START DATASET RECORDS

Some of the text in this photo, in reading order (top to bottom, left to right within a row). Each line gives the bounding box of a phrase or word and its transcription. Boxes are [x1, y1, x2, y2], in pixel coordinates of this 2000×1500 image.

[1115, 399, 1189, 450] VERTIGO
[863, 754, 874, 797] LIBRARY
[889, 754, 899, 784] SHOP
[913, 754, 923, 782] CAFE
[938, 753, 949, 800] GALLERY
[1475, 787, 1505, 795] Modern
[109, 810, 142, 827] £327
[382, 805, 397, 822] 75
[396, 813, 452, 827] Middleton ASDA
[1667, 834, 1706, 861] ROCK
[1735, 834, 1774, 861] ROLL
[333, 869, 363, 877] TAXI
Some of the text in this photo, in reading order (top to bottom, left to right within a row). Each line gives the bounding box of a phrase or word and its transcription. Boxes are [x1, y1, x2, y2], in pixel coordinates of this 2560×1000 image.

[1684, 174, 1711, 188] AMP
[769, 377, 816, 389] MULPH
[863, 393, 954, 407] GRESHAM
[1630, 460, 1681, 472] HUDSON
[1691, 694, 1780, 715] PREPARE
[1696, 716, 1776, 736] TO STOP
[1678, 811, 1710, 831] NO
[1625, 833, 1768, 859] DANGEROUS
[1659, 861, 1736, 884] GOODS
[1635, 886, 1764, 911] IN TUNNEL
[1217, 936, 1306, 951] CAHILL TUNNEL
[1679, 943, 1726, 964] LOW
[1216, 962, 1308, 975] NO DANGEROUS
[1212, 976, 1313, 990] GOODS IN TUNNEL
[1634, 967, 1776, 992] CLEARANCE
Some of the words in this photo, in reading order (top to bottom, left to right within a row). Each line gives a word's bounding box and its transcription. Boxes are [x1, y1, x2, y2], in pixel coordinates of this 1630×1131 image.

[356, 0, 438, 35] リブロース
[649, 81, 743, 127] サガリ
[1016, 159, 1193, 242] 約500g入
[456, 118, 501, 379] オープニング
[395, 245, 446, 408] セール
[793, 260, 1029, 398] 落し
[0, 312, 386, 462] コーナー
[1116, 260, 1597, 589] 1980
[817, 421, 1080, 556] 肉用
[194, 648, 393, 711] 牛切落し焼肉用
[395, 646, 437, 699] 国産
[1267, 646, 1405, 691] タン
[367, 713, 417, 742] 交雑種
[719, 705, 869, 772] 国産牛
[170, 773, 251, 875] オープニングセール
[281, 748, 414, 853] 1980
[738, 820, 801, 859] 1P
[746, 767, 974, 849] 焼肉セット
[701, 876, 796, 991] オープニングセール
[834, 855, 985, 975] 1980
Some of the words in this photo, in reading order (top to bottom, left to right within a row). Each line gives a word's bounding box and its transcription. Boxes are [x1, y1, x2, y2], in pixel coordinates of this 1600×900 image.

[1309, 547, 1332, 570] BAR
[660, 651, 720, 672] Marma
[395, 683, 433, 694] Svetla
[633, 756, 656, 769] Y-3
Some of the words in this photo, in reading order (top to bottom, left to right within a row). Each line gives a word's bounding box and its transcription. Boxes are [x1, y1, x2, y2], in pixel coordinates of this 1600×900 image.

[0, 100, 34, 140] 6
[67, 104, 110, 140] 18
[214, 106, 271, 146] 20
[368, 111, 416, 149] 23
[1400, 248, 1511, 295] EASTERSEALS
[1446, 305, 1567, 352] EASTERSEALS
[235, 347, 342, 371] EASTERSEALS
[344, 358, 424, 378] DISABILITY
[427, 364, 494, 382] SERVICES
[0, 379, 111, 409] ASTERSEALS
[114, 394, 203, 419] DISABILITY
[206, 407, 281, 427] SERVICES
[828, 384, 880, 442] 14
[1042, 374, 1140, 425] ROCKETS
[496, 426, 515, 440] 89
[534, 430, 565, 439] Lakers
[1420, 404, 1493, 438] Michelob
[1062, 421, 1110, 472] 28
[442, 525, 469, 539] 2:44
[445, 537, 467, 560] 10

END DATASET RECORDS

## REQUIRED ACTION
Write out every record verbatim.

## PROBLEM SOLUTION
Some of the text in this photo, in reading order (top to bottom, left to right within a row). Each line gives the bounding box of a phrase or word and its transcription. Boxes are [x1, y1, x2, y2], in pixel coordinates of this 2000×1500 image.

[1115, 399, 1189, 450] VERTIGO
[863, 754, 874, 797] LIBRARY
[889, 754, 899, 784] SHOP
[913, 754, 923, 782] CAFE
[938, 753, 949, 800] GALLERY
[1475, 787, 1505, 795] Modern
[109, 810, 142, 827] £327
[382, 805, 397, 822] 75
[396, 813, 452, 827] Middleton ASDA
[1667, 834, 1706, 861] ROCK
[1735, 834, 1774, 861] ROLL
[333, 869, 363, 877] TAXI
Some of the text in this photo, in reading order (top to bottom, left to right within a row). Each line gives the bounding box of a phrase or word and its transcription. Boxes are [x1, y1, x2, y2], in pixel coordinates of this 2560×1000 image.

[1684, 174, 1711, 188] AMP
[769, 377, 816, 389] MULPH
[863, 393, 954, 407] GRESHAM
[1630, 460, 1681, 472] HUDSON
[1691, 694, 1780, 715] PREPARE
[1696, 716, 1776, 736] TO STOP
[1678, 811, 1710, 831] NO
[1625, 833, 1768, 859] DANGEROUS
[1659, 861, 1736, 884] GOODS
[1635, 886, 1764, 911] IN TUNNEL
[1217, 936, 1306, 951] CAHILL TUNNEL
[1679, 943, 1726, 964] LOW
[1216, 962, 1308, 975] NO DANGEROUS
[1212, 976, 1313, 990] GOODS IN TUNNEL
[1634, 967, 1776, 992] CLEARANCE
Some of the words in this photo, in reading order (top to bottom, left to right within a row). Each line gives a word's bounding box and its transcription. Boxes are [x1, y1, x2, y2], in pixel coordinates of this 1630×1131 image.

[356, 0, 438, 35] リブロース
[649, 81, 743, 127] サガリ
[1016, 159, 1193, 242] 約500g入
[456, 118, 501, 379] オープニング
[395, 245, 446, 408] セール
[793, 260, 1029, 398] 落し
[0, 312, 386, 462] コーナー
[1116, 260, 1597, 589] 1980
[817, 421, 1080, 556] 肉用
[194, 648, 393, 711] 牛切落し焼肉用
[395, 646, 437, 699] 国産
[1267, 646, 1405, 691] タン
[367, 713, 417, 742] 交雑種
[719, 705, 869, 772] 国産牛
[170, 773, 251, 875] オープニングセール
[281, 748, 414, 853] 1980
[738, 820, 801, 859] 1P
[746, 767, 974, 849] 焼肉セット
[701, 876, 796, 991] オープニングセール
[834, 855, 985, 975] 1980
Some of the words in this photo, in reading order (top to bottom, left to right within a row). Each line gives a word's bounding box and its transcription. Boxes are [x1, y1, x2, y2], in pixel coordinates of this 1600×900 image.

[1309, 547, 1332, 570] BAR
[660, 651, 720, 672] Marma
[395, 683, 433, 694] Svetla
[633, 756, 656, 769] Y-3
Some of the words in this photo, in reading order (top to bottom, left to right within a row). Each line gives a word's bounding box and its transcription. Boxes are [x1, y1, x2, y2], in pixel coordinates of this 1600×900 image.

[0, 100, 34, 140] 6
[67, 104, 110, 140] 18
[214, 106, 271, 146] 20
[368, 111, 416, 149] 23
[1400, 248, 1511, 295] EASTERSEALS
[1446, 305, 1567, 352] EASTERSEALS
[235, 347, 342, 371] EASTERSEALS
[344, 358, 424, 378] DISABILITY
[427, 364, 494, 382] SERVICES
[0, 379, 111, 409] ASTERSEALS
[114, 394, 203, 419] DISABILITY
[206, 407, 281, 427] SERVICES
[828, 384, 880, 442] 14
[1042, 374, 1140, 425] ROCKETS
[496, 426, 515, 440] 89
[534, 430, 565, 439] Lakers
[1420, 404, 1493, 438] Michelob
[1062, 421, 1110, 472] 28
[442, 525, 469, 539] 2:44
[445, 537, 467, 560] 10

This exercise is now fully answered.